Mental health

Where to begin, mental health is not a subject I deal with not one I think many people would expect me to write a blog post about but here goes.

I have forced myself to stop building for the next season of Battlebots. Ive taken time away since probably mid December. My parents came to visit for Christmas, like many expat families I hadn't seen them since before the pandemic and zoom, Whatsapp and portal can only do so much to elevate the pain of missing your family. I spent time with my wife, the entire reason for me being in America. I made things that were not Battlebots for the first time in years. I made a puppet! A replica of The Professor from puppet history (go watch it it's the best) and I delved into Warhammer 40,000 for the first time in over a decade.

The simple joy of making things knowing they were entirely for me, knowing they won't be destroyed in a matter of minutes in front of millions of people, knowing that I can enjoy them for as long as I want to was the greatest relief in making things that I have felt in years.

People often ask “how does it feel to see thousands of dollars worth of Battlebot get destroyed” and the simple response is I don't feel anything. Not anymore. There's no love for what I make, that goes in the Battlebox.

The bots are made on a production line of parts over weeks and weeks and I feel nothing for them anymore not since Foxic mk3.

I poured my heart and soul into making Foxic, the robot brought me joy and near bankruptcy to build. Days and days of grinding and welding to keeping and tweaking for it to be remembered by most as “it's shit”

I know it didn't do what it should have done on the TV show, but given time and energy it won a lot of fights and it was extremely fun to work on and drive.

Predator, Hyena, Foxtrot, SlamMow and Slammo don't feel the same, they've become monolithic a means to an end. The new Slammo doesn't break that mould. After filming ended September 3rd I made a point of striking while the iron was hot and designed a robot based on what I think we need to build to win Battlebots as a control bot.
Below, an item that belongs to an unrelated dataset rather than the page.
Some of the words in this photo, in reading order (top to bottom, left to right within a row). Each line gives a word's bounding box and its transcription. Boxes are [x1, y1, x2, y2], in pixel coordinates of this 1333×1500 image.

I designed the robot in about 2 weeks and about 4 weeks later we had the robot mostly together with the intention of getting it to Robot Ruckus but sadly a laser cutting company made the parts for the weapon gearbox wrong and we had to put it back a few weeks. Mid November we had Slammo 22 running and iterated on to a B spec already. It's going to be great but I needed a break from building it. I had to stop for a while and not do Slammo.

In 09 I was at my lowest point, the lowest I have ever felt. Robot Combat was what I used to get me out of that hole, depression took me down a dark path but I carried on not letting depression win. I gave myself targets within robot Combat, this is what I wanted to achieve it's what drove me forward. It's what got me out of bed and up everyday, it's what made me put one foot in front of the other and keep moving forward.
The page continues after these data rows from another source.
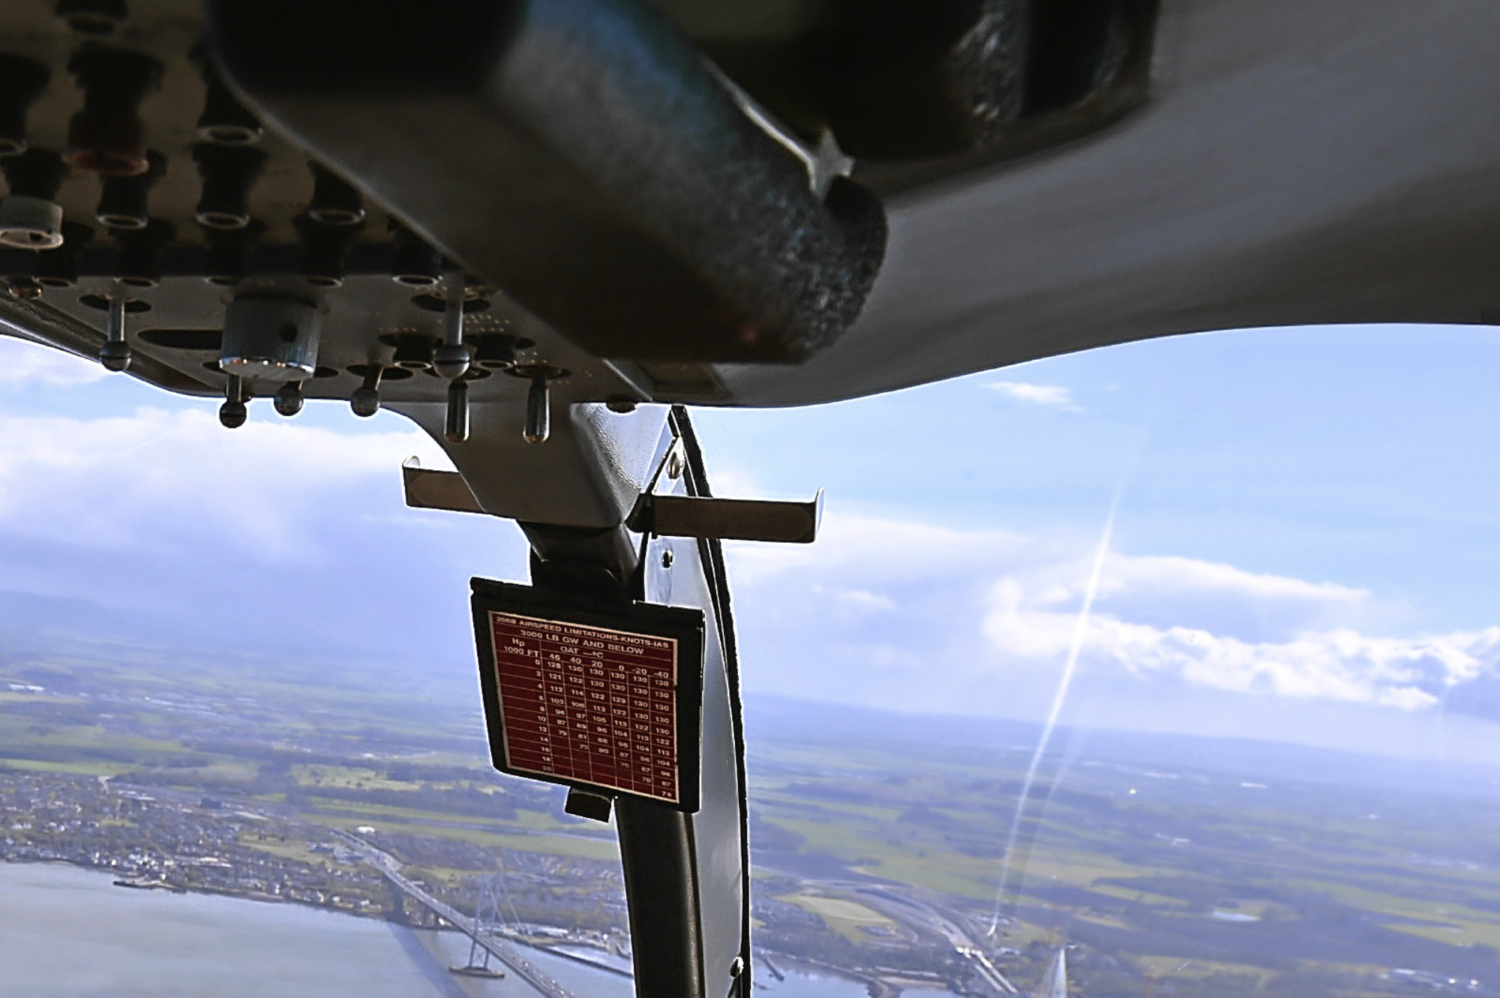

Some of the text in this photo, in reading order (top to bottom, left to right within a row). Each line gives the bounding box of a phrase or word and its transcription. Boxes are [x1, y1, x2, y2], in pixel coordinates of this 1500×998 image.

[519, 619, 562, 632] AIRSPEED
[503, 645, 539, 658] 1000 FT
[520, 629, 644, 655] 3000 LB GW AND BELOW
[570, 657, 582, 665] 40
[591, 660, 603, 669] 20
[632, 667, 648, 676] -20
[653, 671, 669, 679] -40
[548, 672, 562, 681] 121
[590, 680, 604, 688] 130
[611, 683, 626, 692] 130
[633, 687, 648, 696] 130
[655, 690, 669, 699] 130
When I'm asked “what does robot combat mean to me?” Or “what does it mean to do well at Battlebots” (Chris Rose asked me this at filming 2020) the answer is everything. It means everything to me because robot combat gave me everything I have. It gave me hope and it gave me reason. It gave me something to fight for and it gave me something to work towards. It's corny and cheesy I know but robot combat saved my life.
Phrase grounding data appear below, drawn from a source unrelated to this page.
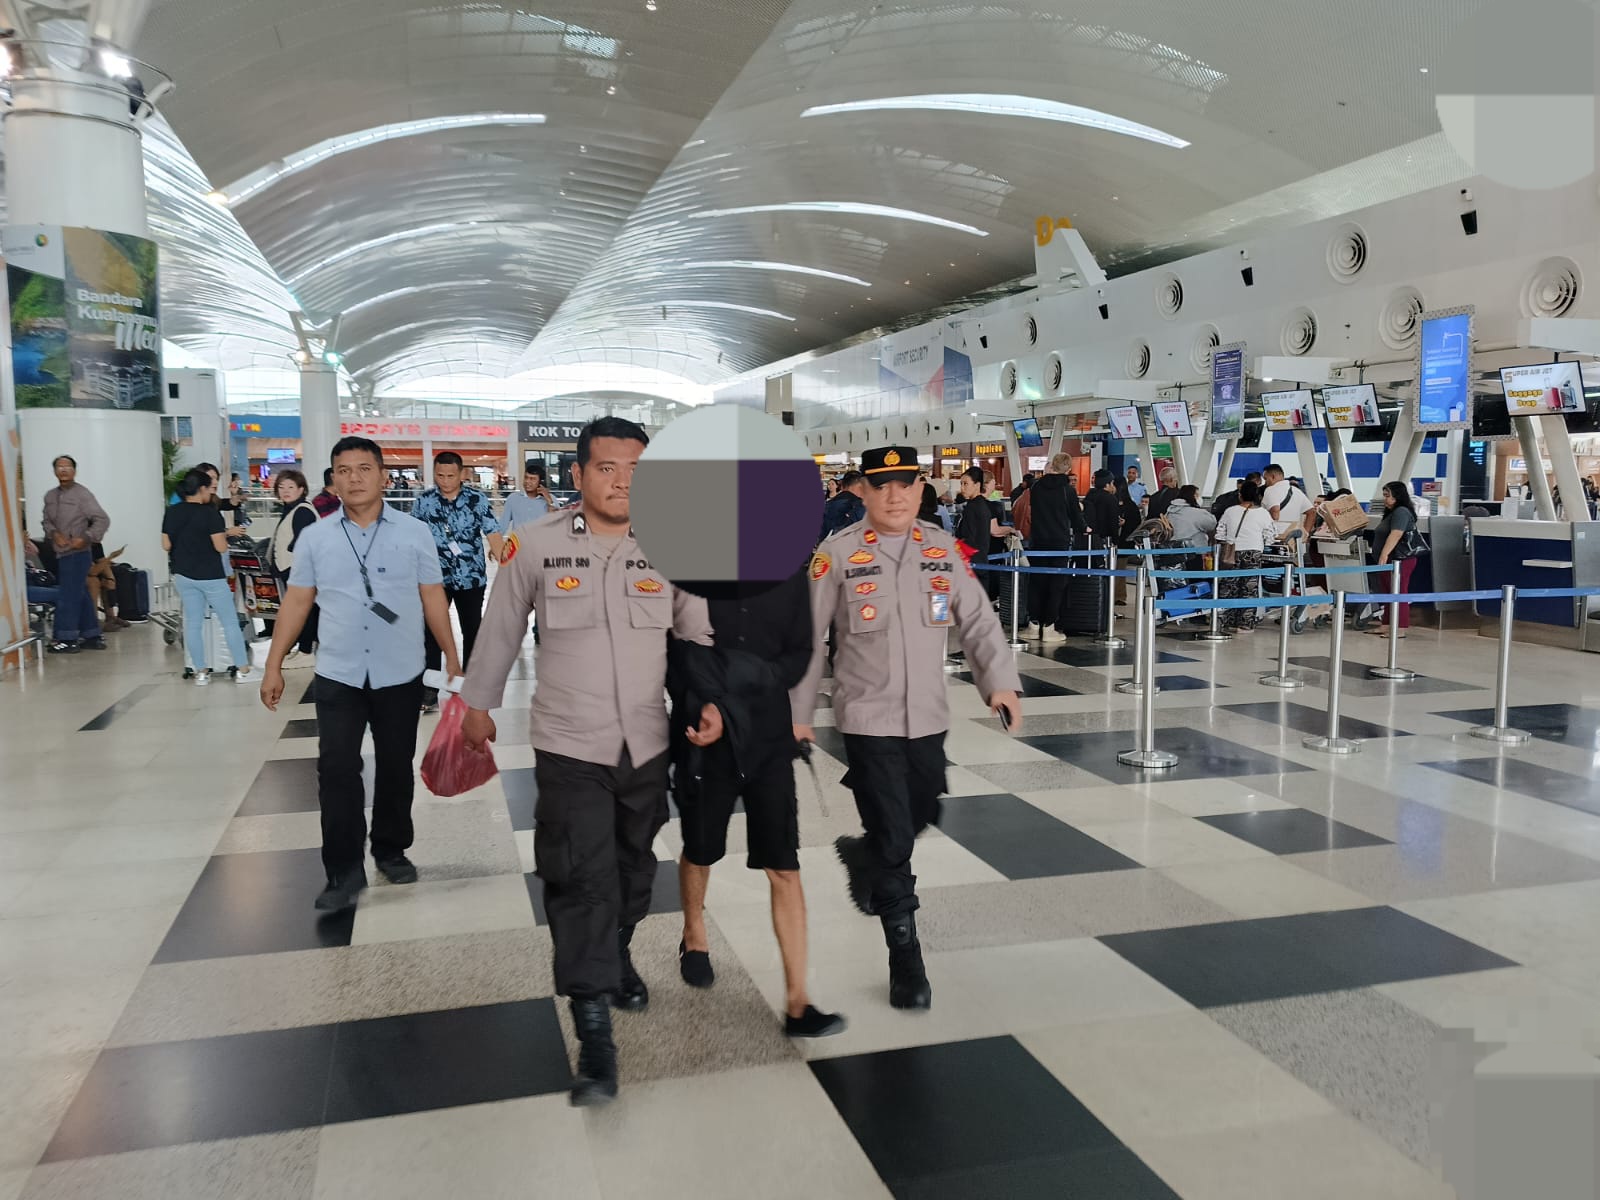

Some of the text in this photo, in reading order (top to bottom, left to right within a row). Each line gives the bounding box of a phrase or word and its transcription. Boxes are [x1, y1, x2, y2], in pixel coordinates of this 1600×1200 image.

[77, 289, 142, 308] Bandara
[1504, 368, 1528, 383] SUPER
[340, 423, 509, 436] SPORTS STATION
[529, 426, 583, 437] KOK TO
[975, 444, 1003, 455] Napoleon
[920, 562, 953, 572] POLRI
When your depressed and you can't see away out finding yourself a light in the darkness means a great deal. For me robot combat was that light. Battlebots was always the goal. I want to win every fight, I want to be the champion. I know I can be, I know I can't do it alone and that's why I have my friends on my team.

But at the same time I've reached a point where robot combat isn't the most important thing in my life now. My break has shown me I can be happy making none robot combat things. So now Battlebots is something else to me. What I can't exactly explain. It still matters to me and would be one of my proudest achievements I still have a burning desire to win it all but I can't deal with the mental burn out I get every year with Battlebots.